The Parthenon was ravaged by a fire on an ill-determined date during late antiquity, causing serious damage including the destruction of the roof. The intense heat cracked many marble elements, including entablatures and consequently metopes. An extensive restoration was carried out: the roof was redone but covered only the interior; the metopes were therefore more exposed (front and rear faces) to the weather. Until the Edict of Thessalonica in 380, the Parthenon retained its "pagan" religious role. It seems to have known then a more or less long period of abandonment. Somewhere between the sixth century and the seventh century, the building was turned into a church.

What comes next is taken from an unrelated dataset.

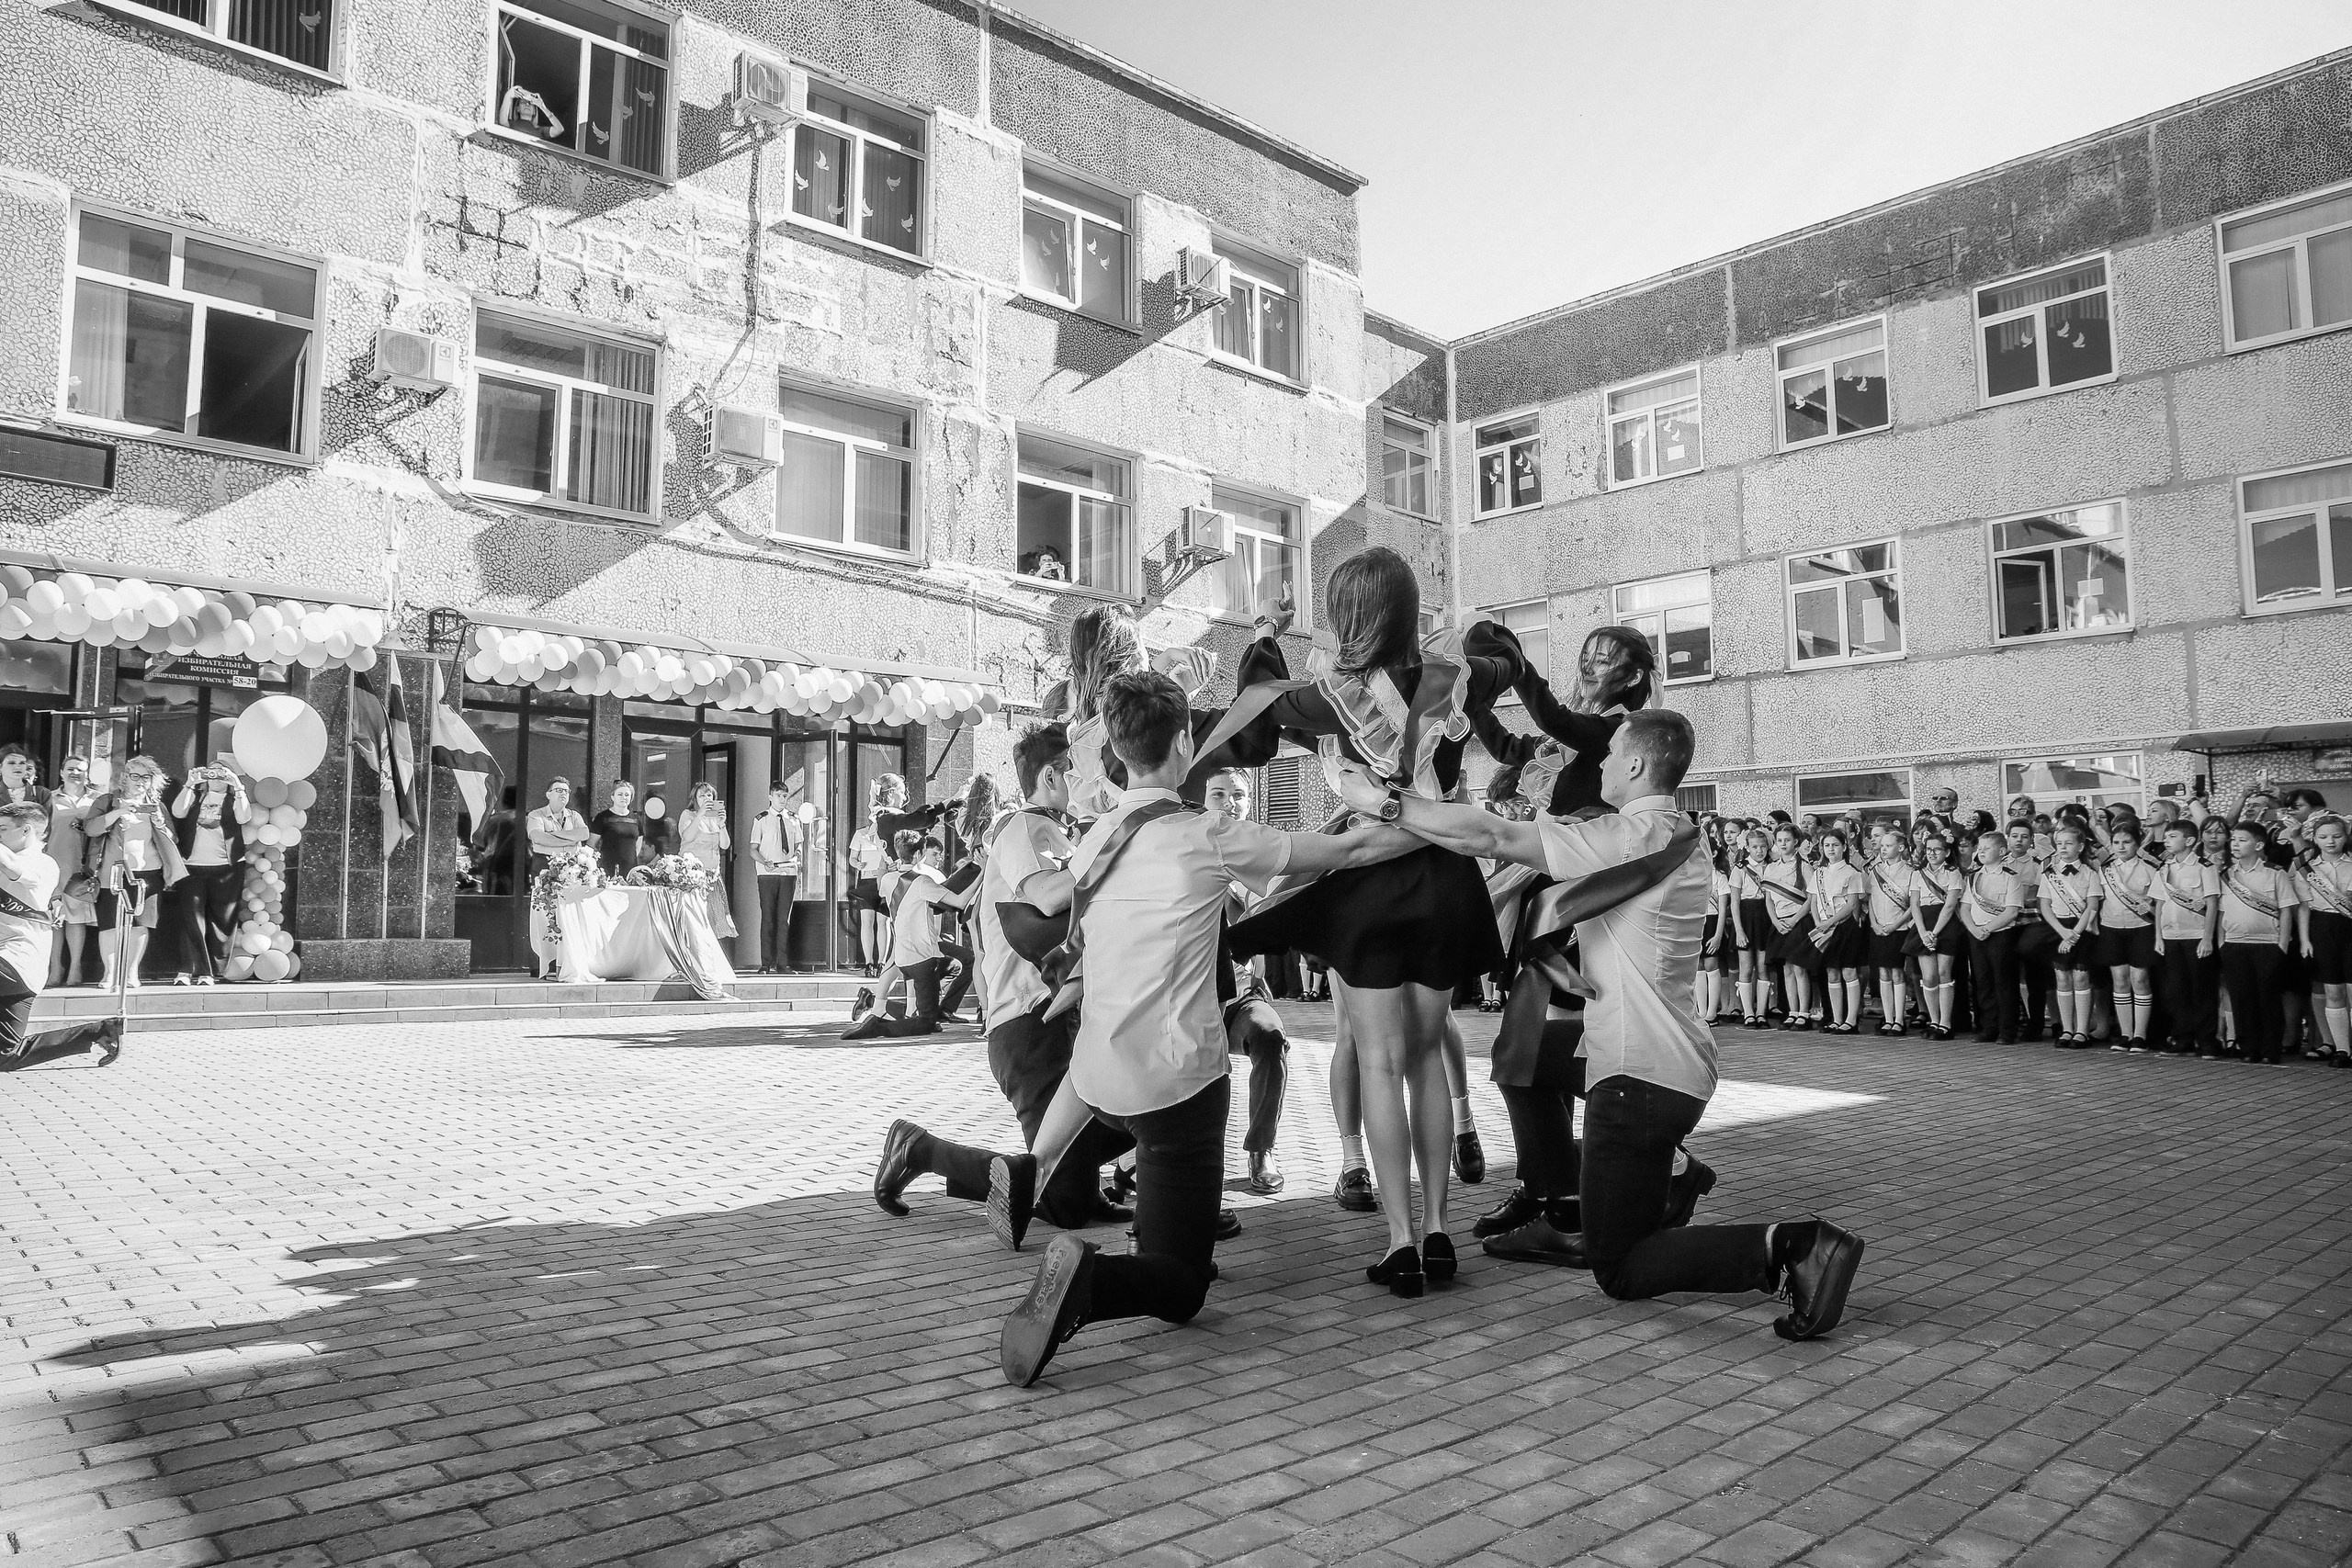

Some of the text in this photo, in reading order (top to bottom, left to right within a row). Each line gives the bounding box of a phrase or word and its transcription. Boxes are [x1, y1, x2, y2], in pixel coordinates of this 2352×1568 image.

[178, 657, 252, 670] ИЗБИРАТЕЛЬНАЯ
[190, 665, 239, 675] КОМИССИЯ
[233, 678, 256, 686] 58-20

Until then, the ninety-two metopes had remained almost intact. Those on the east, west and north sides were then systematically damaged by the Christians, who wanted to erase the ancient gods. Only one northern metope, with two female figures, has survived, perhaps because interpreted as an Annunciation (the seated figure on the right interpreted as the Virgin Mary and the figure standing on the left as the Archangel Gabriel). The southern metopes have escaped, perhaps because this side of the Parthenon was too close to the edge of the Acropolis; perhaps because Physiologus includes the centaurs in his symbolic bestiary. The building, however, suffered no damage during the conversion of the Parthenon-church to a mosque in the fifteenth century, nor during the two centuries that followed. In 1674, an artist in the service of the Marquis de Nointel (French ambassador to the Porte), perhaps Jacques Carrey, drew a large part of the metopes which remained, unfortunately only on the south side. Much of the metopes were destroyed during the siege of Athens by the Venetians commanded by Francesco Morosini on 26 September 1687 during the explosion of the Parthenon powder reserve. After the departure of the Venetians in 1688, and the return of the Ottomans, the building again housed a mosque. The pieces of marble scattered around the ruins, including fragments of metopes, were reduced to lime or reused as building material, in the wall of the Acropolis, for example. In the eighteenth century, Western travellers, more and more numerous, seized pieces of sculpture as souvenirs.

===Conservation===

See also Elgin Marbles

Fifteen of the South Metopes are in the British Museum as a result of the work of Lord Elgin's agents. The metope south VI arrived there by another way. It had fallen in a storm and had broken in three; members probably disappeared at the same time. In 1788, it was "stolen" by Louis-François-Sébastien Fauvel with the complicity of a Turk: it was dropped from the top of the walls of the Acropolis on to a pile of manure below. However, it was not shipped until 1803 when it was dispatched aboard the corvette L'Arabe. This ship was boarded by the British when the war resumed after the rupture of the peace of Amiens The marbles it was carrying ended up in London where they were acquired by Lord Elgin. This metope is now in the British Museum.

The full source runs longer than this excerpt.